Berpikir positif sangat
diperlukan dan harus dibiasakan pada ODHA karena sangat berperan dalam menyusun
kembali konsep diri sebagai ODHA, merangkai kembali tujuan hidup, cita-cita,
kepercayaan diri, menerima kasih sayang dari keluarga dan orang-orang tercinta
dan tidak kehilangan harapan hidupnya.
Berpikir positif sebenarnya
tidak hanya diajarkan dan dilatih kepada ODHA, namun begitu pula pada orang
yang hidup dengan pengidap HIV dan AIDS (OHIDHA). Berpikir positif juga
diajarkan dengan perlahan-lahan seiring dengan penerimaan diri individu
terhadap status barunya sebagai ODHA, dukungan sebaya dan adanya komunitas yang
menaungi ODHA merupakan hal yang efektif sebagai perantara penyampaian
informasi dan edukasi untuk pembiasaan ODHA berpikir positif.
Ini artinya pencegahan harus digunakan dalam kehidupan sehari-hari masyarakat dan dipadukan ke dalam hubungan dan kebiasaan sosial mereka agar efektif.

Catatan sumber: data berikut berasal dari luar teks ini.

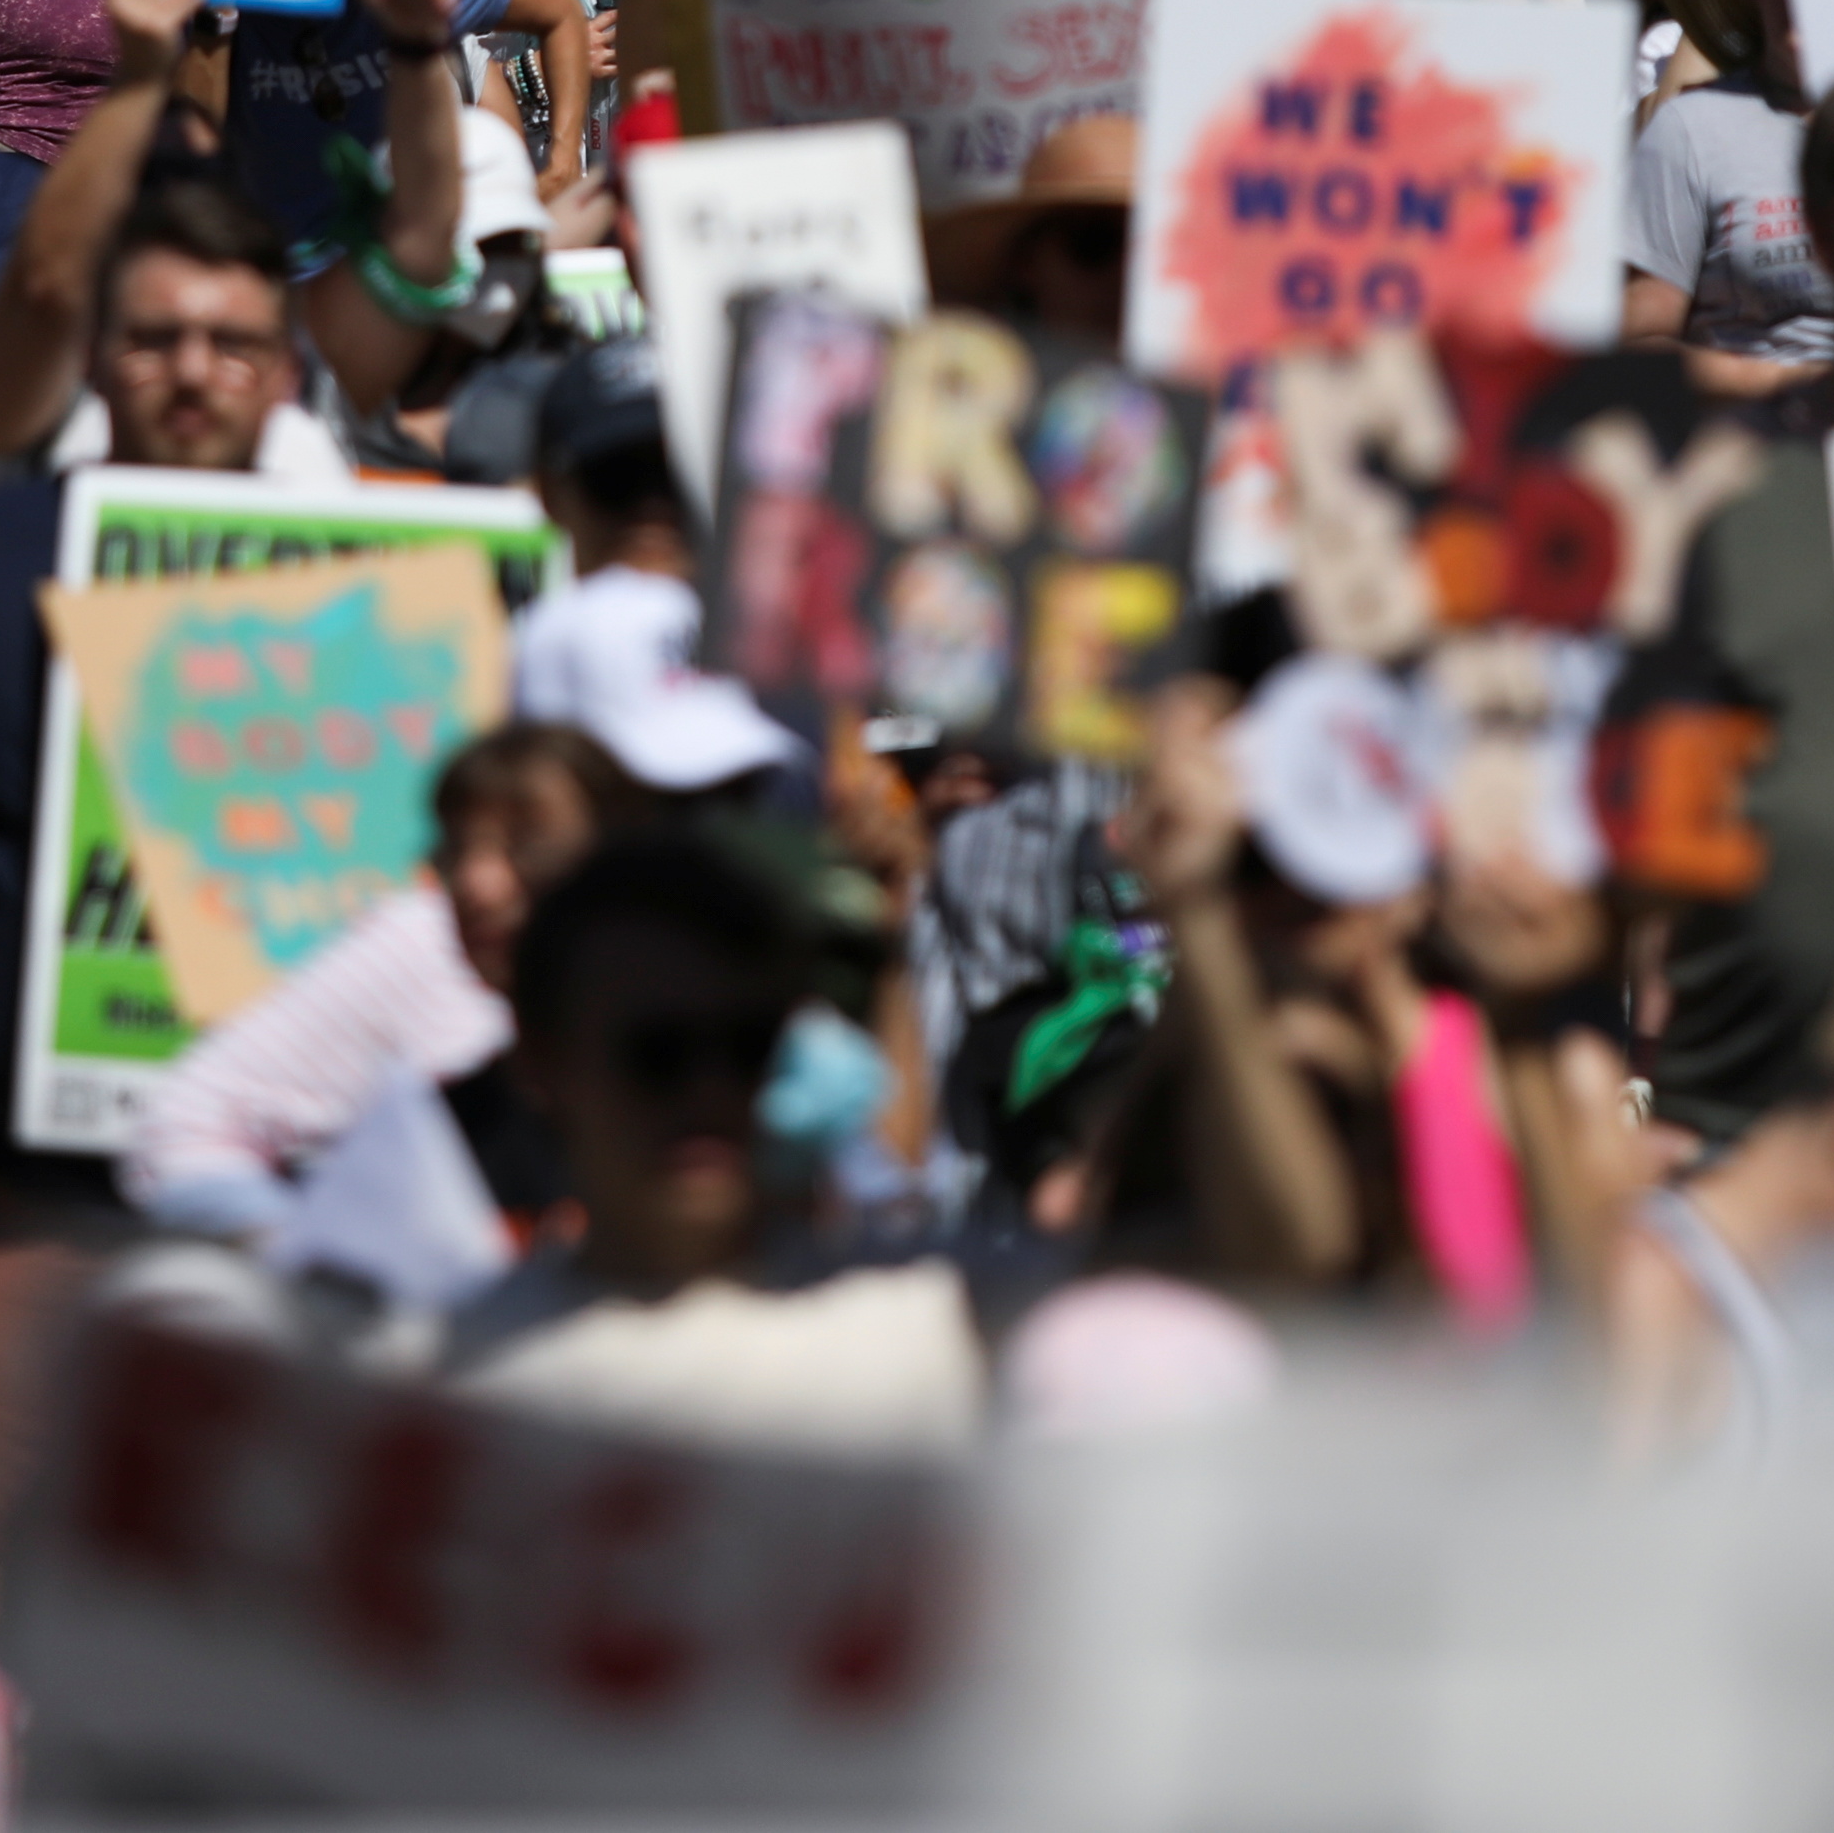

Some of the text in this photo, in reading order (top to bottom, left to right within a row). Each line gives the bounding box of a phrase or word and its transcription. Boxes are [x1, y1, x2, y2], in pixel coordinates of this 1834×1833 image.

[1254, 74, 1405, 143] WE
[1227, 162, 1575, 253] WON'T
[1274, 254, 1431, 336] GO

Covid-19 membawa kita pada peradaban baru yang kita sebut “NEW NORMAL”, ’’PEMBERLAKUAN PEMBATASAN KEGIATAN MASYARAKAT” dimana memaksa kita harus mampu beradaptasi dengan menerapkan sikap disiplin untuk mematuhi seluruh protocol pencegahan sebagai gaya hidup baru. Syaratnya hanya satu, yakni belajar untuk disiplin dan mau berdamai dan beradaptasi dengan keadaan. Termasuk berdamai dengan mahluk kecil yang barukuran 150 nanometer tersebut.
Ketika Covid-19 datang, menghapus jejak kasus HIV sehingga mengabaikannya. Covid-19 pun seolah pergi begitu saja seiring Badai Siklon Seroja menghantam Kota Kasih karena warga masyarakat tidak pusing lagi dengan kasus ini sehingga mulai meninggalkan perilaku baru menghadapi pandemic ini, masker sudah tidak dihiraukan lagi oleh sebagian warga karena focus membereskan puing-puing dampak badai.
Terkadang kita ingin
tertidur agar bisa melupakan dan terkadang kita ingin melupakan agar bisa
tertidur. Namun HIV, Covid-19 dan Seroja mengajarkan
kita untuk tetap belajar dari memori lama dan tidak mudah menghapusnya dari
memori ingatan kita sehingga kewaspadaan tetap terjaga.